Die Angebote von „Mercators Nachbarn“ sind grundsätzlich kostenfrei, umfassen Outdoor-Führungen, szenische Lesungen und geschichtliche Vorträge. Lediglich ein Spendenhut wird am Ende herumgereicht. „Wir haben ein sehr breit gefächertes Angebot an Inhalten, die das Umfeld von Gerhard Mercator beleuchten“, sagt Ferdinand Leuxner. „Inzwischen auch im ganzen Stadtgebiet an Originalschauplätzen.“
Aus dem Archiv auf die Straße
Eine Mixtur aus Theater, Wissenschaft und Stadtspaziergang. Geschichte soll bei „Mercators Nachbarn“ nicht belehrend vermittelt, sondern niederschwellig erlebbar gemacht werden. Dass diese Art der Geschichtsvermittlung funktioniert, liegt auch am guten Netzwerk der Gruppe, die auch Teil der Mercator-Gesellschaft ist. „Mercators Nachbarn“ arbeiten eng mit dem Stadtarchiv und dem Kultur- und Stadthistorischen Museum zusammen.

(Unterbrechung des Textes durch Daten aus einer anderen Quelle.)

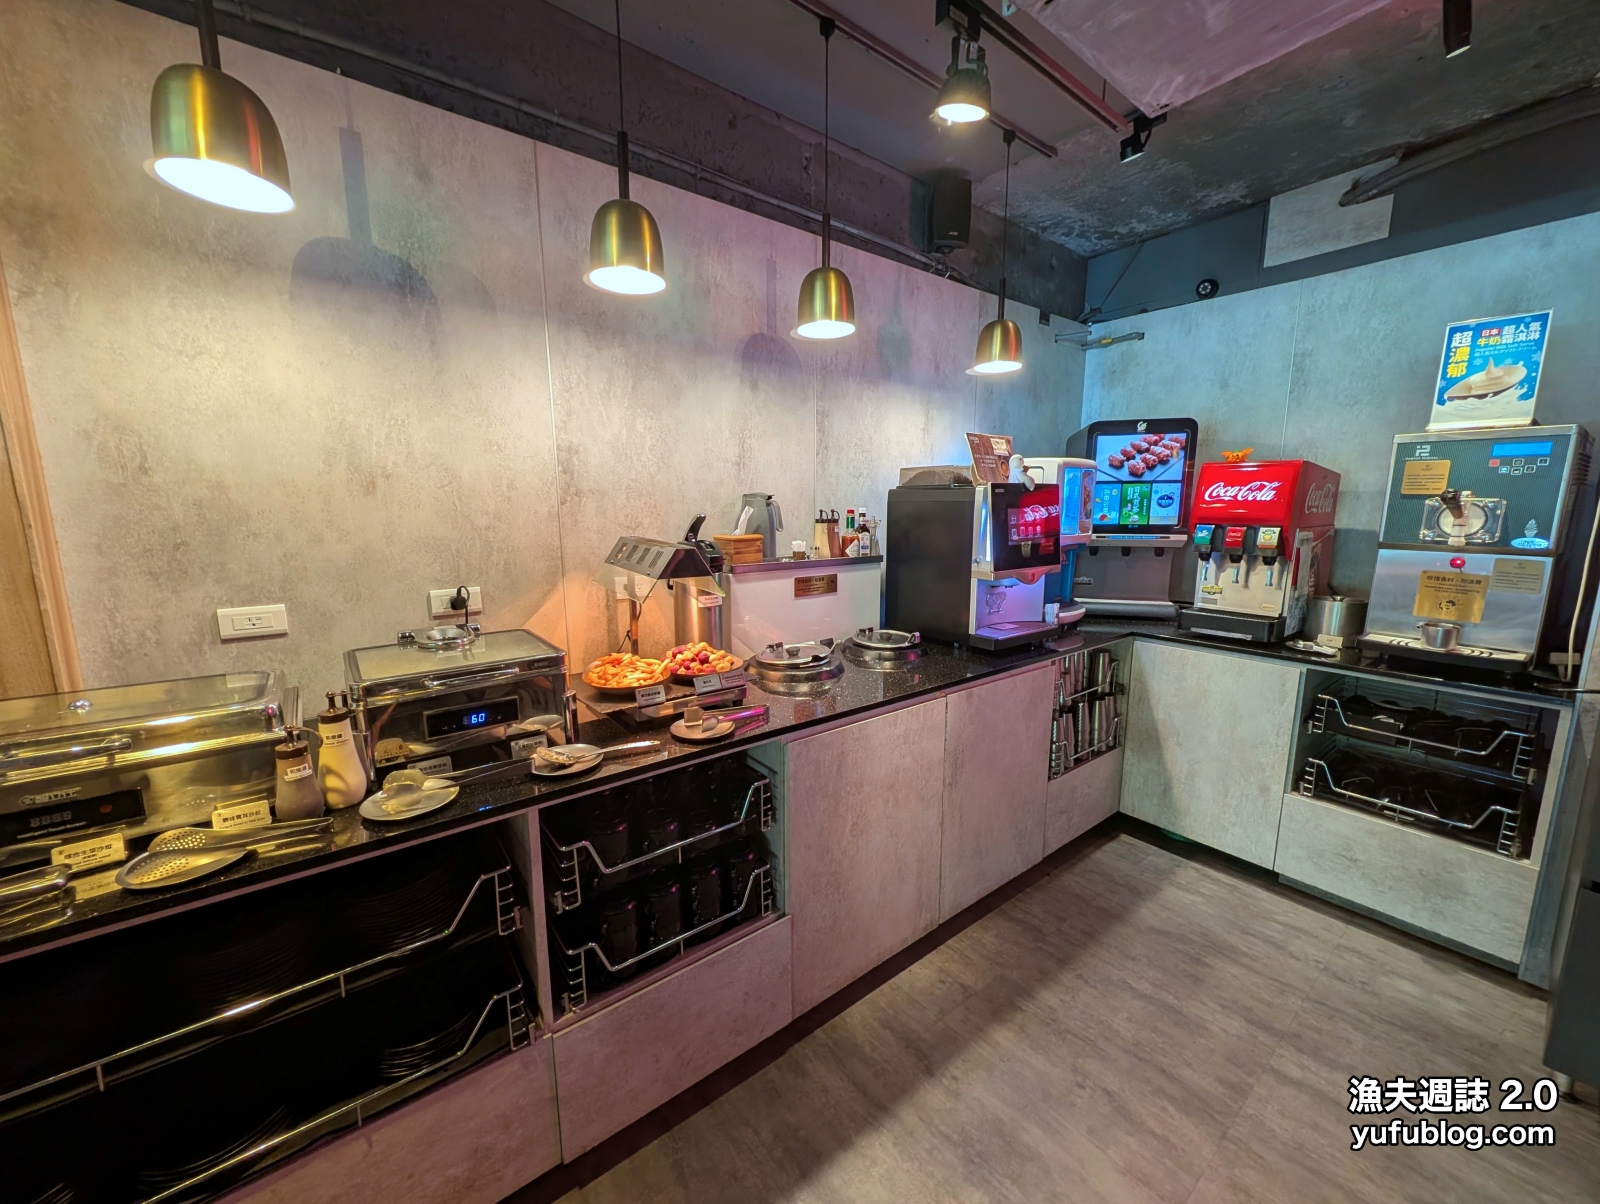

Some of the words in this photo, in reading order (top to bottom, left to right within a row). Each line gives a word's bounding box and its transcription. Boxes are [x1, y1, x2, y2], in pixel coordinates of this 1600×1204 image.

„Mercators Nachbarn“ holen Geschichte aus Archiven und Vitrinen heraus und bringen sie in den Stadtraum. Sie laden Interessierte ein, ihr Lebensumfeld mit anderen Augen zu sehen und den Heimatbegriff, um weitere Aspekte zu erweitern. „Neue Blickwinkel auf Altbewährtes“ nennt Leuxner diesen Perspektivwechsel. Die Resonanz zeigt, dass die Bereitschaft für Gedankengänge auf Grundlage historischer Erkenntnisse groß ist.